_DIRECTIONS FOR THIS TASK_
Where a picture appears, skip it and copy everything else in the listing exactly.

_TASK INPUT_
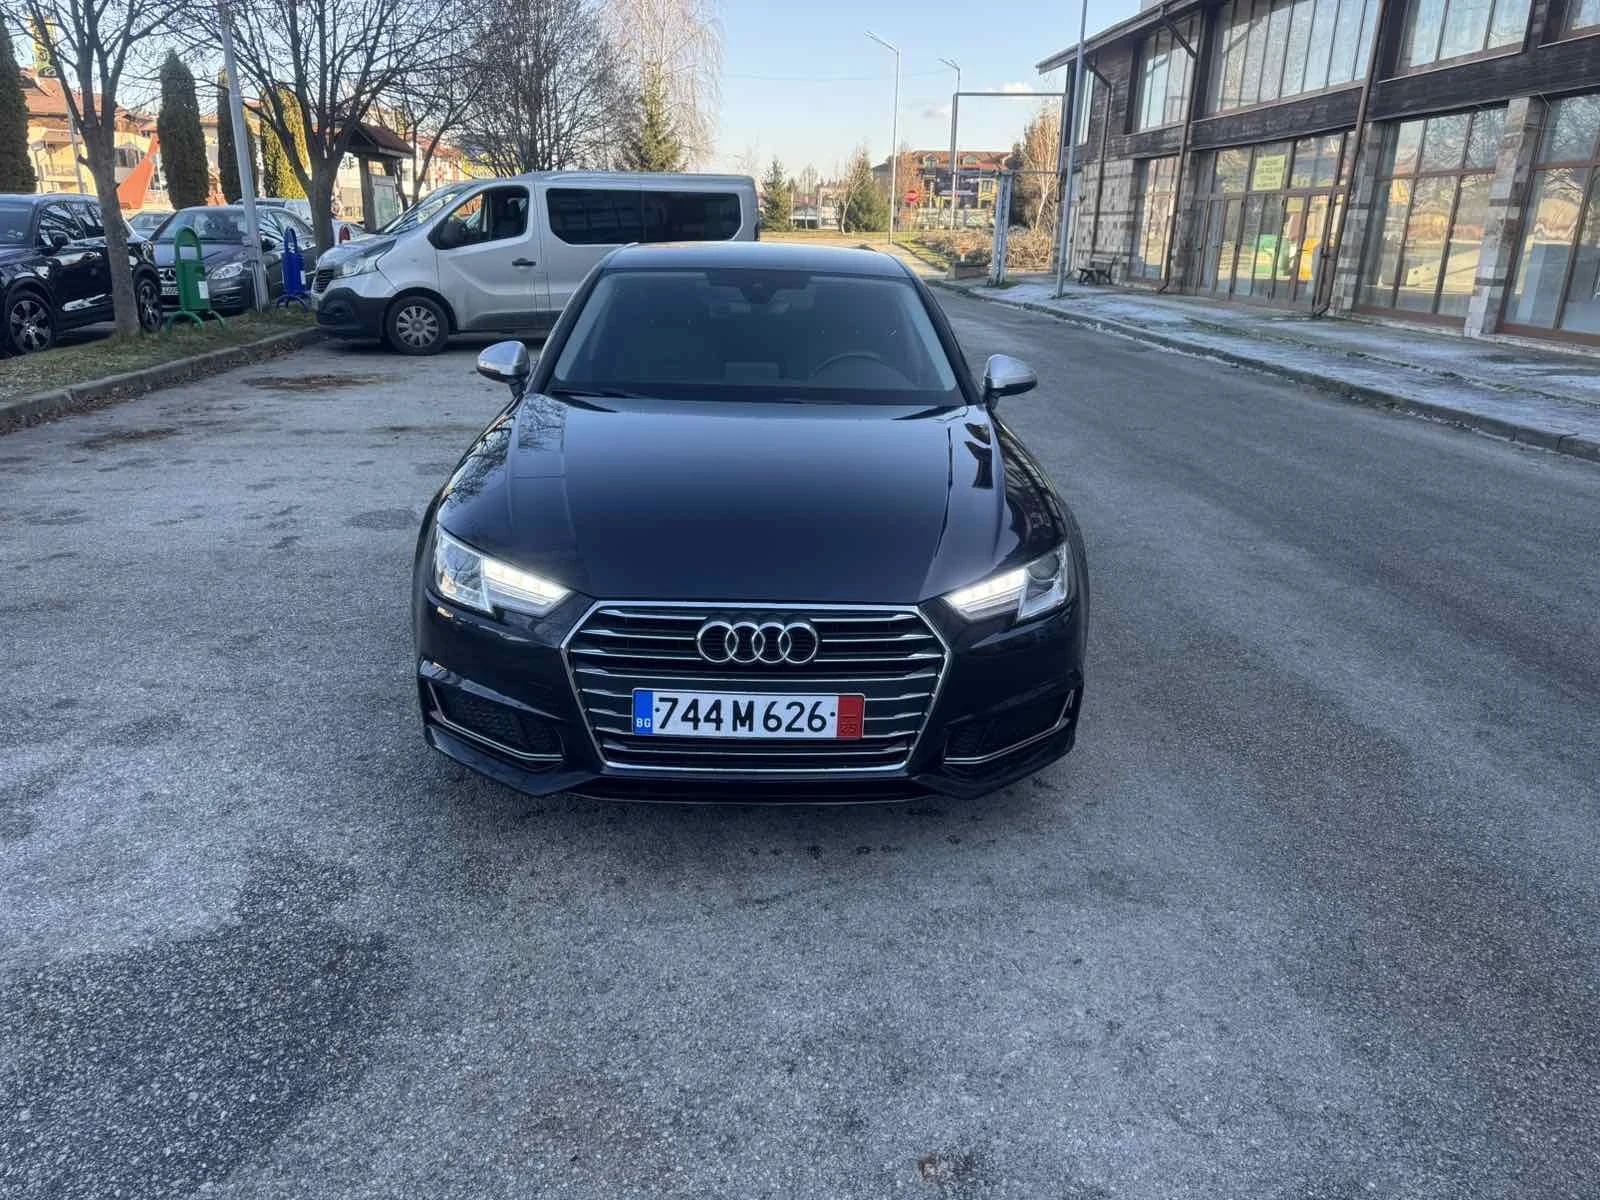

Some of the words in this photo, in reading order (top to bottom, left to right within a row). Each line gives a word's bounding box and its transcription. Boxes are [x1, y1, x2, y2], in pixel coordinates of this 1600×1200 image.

[636, 718, 651, 728] BG
[658, 697, 724, 731] 744
[732, 700, 754, 732] M
[762, 700, 828, 733] 626

_RESPONSE_
Some of the words in this photo, in reading order (top to bottom, left to right within a row). Each line gives a word's bounding box and its transcription. Boxes are [x1, y1, x2, y2], in pixel coordinates of this 1600×1200 image.

[636, 718, 651, 728] BG
[658, 697, 724, 731] 744
[732, 700, 754, 732] M
[762, 700, 828, 733] 626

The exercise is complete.